С 1930 года мировой кризис, приход к власти нацизма, события в Китае, война в Испании вдруг разбудили нас. Было такое ощущение, что земля пошатнулась у нас под ногами и великие исторические катаклизмы затронут и нас тоже. Вдруг выяснилось, что начало великого мира на земле было только промежутком между двумя войнами. В любом принятом нами обещании нужно было видеть угрозу. Каждый прожитый день открывал свое настоящее лицо. Мы доверчиво проживали его, а он приближал нас к новой войне, с невидимой быстротой, с неумолимостью, скрытой под маской беспечности. Наша частная жизнь, казалось бы, зависящая от наших yси-лий, наших достоинств и ошибок, нашего успеха и поражения, от доброй или злой воли довольно oг-раниченного круга людей, оказалось, даже в деталях зависела от темных коллективных сил. В любом событии частного характера, в ее самых личных происшествиях отражалось состояние всего мира.
Вдруг оказалось, что мы не можем больше парить над реальностью, как любили делать наши предшественники.
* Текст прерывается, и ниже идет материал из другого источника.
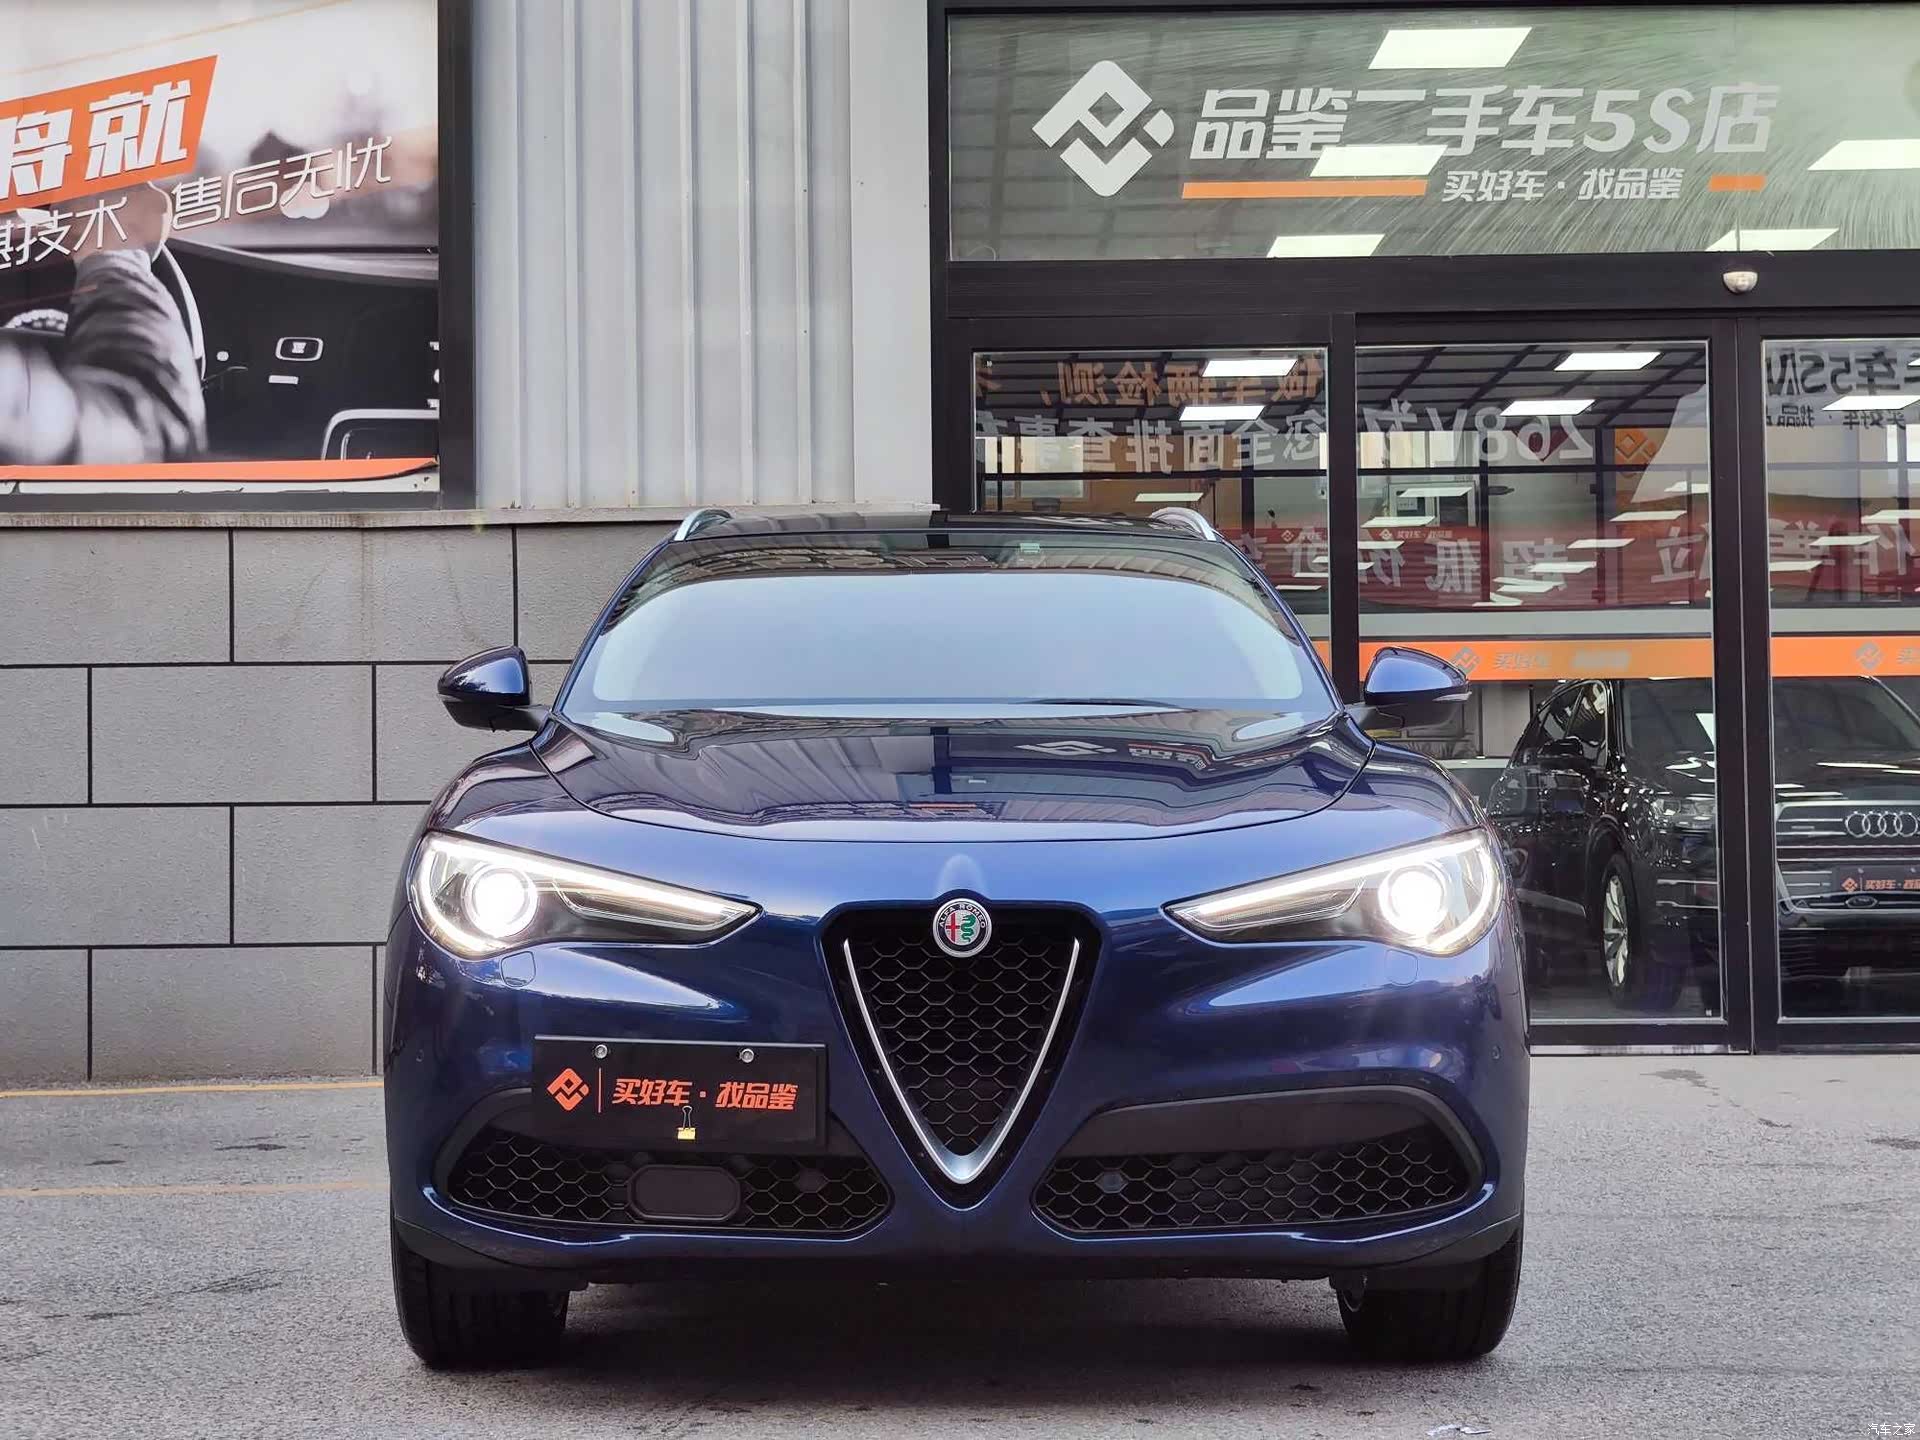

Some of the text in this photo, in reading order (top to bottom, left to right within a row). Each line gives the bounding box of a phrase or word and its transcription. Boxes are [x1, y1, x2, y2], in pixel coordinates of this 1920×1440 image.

[171, 135, 393, 230] 售后无忧
[939, 902, 986, 929] ALFA ROMEO
Есть препятствия, которые просматривались в будущем и которые не позволяют нам это делать. Это дало возможность позже определить исторические границы нашего поколения с его Ариэлями и Калибанами. Нечто подстерегало нас в неизвестном будущем, что-то, что позволит нам понять самих себя, быть может, во вспышке последнего мига, перед нашим уничтожением. Суть наших поступков и нашего самого интимного общения находилась где-то перед нами, в катастрофе, с которой будут связаны наши имена.
Историчность вдруг охватила нас. Буквально во всем, с чем мы соприкасались, в воздухе, который вдыхали, в прочитанной странице, в написанной странице, даже в любви, мы чувствовали какой-то привкус истории. Терпкую смесь абсолютного и преходящего. Нам не нужно было терпеливо создавать саморазрушающиеся объекты, если каждый миг нашей жизни потихоньку крали у нас, пока оно длилось. Если любое сейчас, которое мы проживали в страстном порыве как абсолют, было отравлено обычной смертью. Оно для других глаз, еще не увидевших света, имело смысл прошедшего именно в своей сиюминутности. Нас совершенно не трогало сюрреалистическое разрушение, не изменявшее ничего, когда разрушение огнем и мечом угрожало всем и всему, в том числе и сюрреализму.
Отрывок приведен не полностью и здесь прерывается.